Table 3 – Differential diagnosis of multiple cerebral infarctions

Generalized atherosclerosis
Endocarditis
Cardiac tumor (myxoma)
Antiphospholipid antibody syndrome
Cholesterol embolization syndrome
Thrombotic thrombocytopenia purpura
Coagulopathy (inherited)
Paraproteinemia
MR angiogram should be considered inferior to a conventional cerebral angiogram and current sequencing techniques may not visualized involvement of smaller arteries. Cerebral angiogram remains an important diagnostic test; but again, the findings are nonspecific and may be mimicked by many other disorders (Table 4).

Table 4 – Disorders with angiographic findings that can simulate vasculitis

Neoplastic angioendotheliosis
Cerebral vasospasm following aneurysmal or traumatic subarachnoid hemorrhage
Advanced atherosclerosis
Multiple arterial dissections
Acute migraine (thunderclap) attack
Fibromuscular dyplasia
Radiation angiopathy
Moyamoya disease
However, many of the angiographic findings can be very suggestive of vasculitis particularly when there is alternating constrictions and obliterations ("cutoffs"), irregularities, and dilations in a beading pattern. These abnormalities are typically in the smaller blood vessels and careful viewing of the smaller branches is necessary to find these abnormalities.

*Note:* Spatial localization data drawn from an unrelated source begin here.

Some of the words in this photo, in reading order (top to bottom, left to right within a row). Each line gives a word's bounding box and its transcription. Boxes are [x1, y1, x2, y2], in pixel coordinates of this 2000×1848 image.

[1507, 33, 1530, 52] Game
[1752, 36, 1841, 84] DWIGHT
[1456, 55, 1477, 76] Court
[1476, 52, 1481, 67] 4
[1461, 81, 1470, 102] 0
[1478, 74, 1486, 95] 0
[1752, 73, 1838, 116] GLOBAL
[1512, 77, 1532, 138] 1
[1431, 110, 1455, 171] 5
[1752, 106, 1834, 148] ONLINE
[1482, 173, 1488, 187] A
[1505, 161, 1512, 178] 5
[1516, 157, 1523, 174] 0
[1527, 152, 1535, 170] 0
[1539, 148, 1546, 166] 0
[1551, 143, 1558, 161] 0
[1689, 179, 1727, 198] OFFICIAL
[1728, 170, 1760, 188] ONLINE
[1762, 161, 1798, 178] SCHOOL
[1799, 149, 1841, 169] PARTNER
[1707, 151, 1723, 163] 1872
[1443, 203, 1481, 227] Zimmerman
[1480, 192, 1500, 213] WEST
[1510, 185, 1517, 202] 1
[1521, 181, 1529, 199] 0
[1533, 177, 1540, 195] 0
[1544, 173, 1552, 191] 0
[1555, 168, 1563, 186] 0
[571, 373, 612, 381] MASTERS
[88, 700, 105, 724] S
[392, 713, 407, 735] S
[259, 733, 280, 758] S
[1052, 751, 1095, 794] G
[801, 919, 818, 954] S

The utility of cerebrospinal fluid in the diagnosis of central nervous system angiitis is very questionable. Cerebrospinal fluid examination may show entirely normal protein and cell count including at the time of flare-up. However, mildly increased protein can be seen, and some patients have only a mild pleocytosis with less than 20 lymphocytes per cubic mm. CSF is needed to exclude infectious causes of cerebral arteritis and might be found in cultures and serology. Fungi, tuberculosis, and syphilis may all cause a cerebral arteritis that has to be excluded by CSF and other diagnostic tests and is treated differently.

Blood and serology tests are necessary to exclude a connective tissue disorder. This should include antinuclear antibody, rheumatoid factor, antineutrophil cytoplasmic antibodies, sedimentation rate and serology against an immunodeficiency virus, herpes zoster virus, cytomegalovirus, syphilis, and toxoplasma. A drug screen is essential to exclude the recent use of cocaine or amphetamines. Ideally, the diagnosis is confirmed by a brain biopsy. Diagnostic evaluation are shown in Table 5.

Table 5 – Diagnostic tests in CNS vasculitis

· CBC with platelets

· Chemistry

· ESR

· C3/C4, CH-50

· ANCA

· ANA, ds DNA

· Rheumatoid factor

· VDRL

· Hepatitis serology

· Viral serology (HZV, HIV)

· Urine analysis for glomerular red cells

· Cerebrospinal fluid

· Neurophthalmologic evaluation

· MRI with gadolinium

· Cerebral angiogram

· Brain and meningeal biopsy

False negative brain biopsies remain a major problem in its diagnosis; and in some cases, the diagnosis remains probable on the basis of multiple infarction, cerebral angiographic findings, involvement of other arterial territories, and exclusion of an infectious trigger. Generally, temporal artery biopsy is negative in isolated CNS vasculitis.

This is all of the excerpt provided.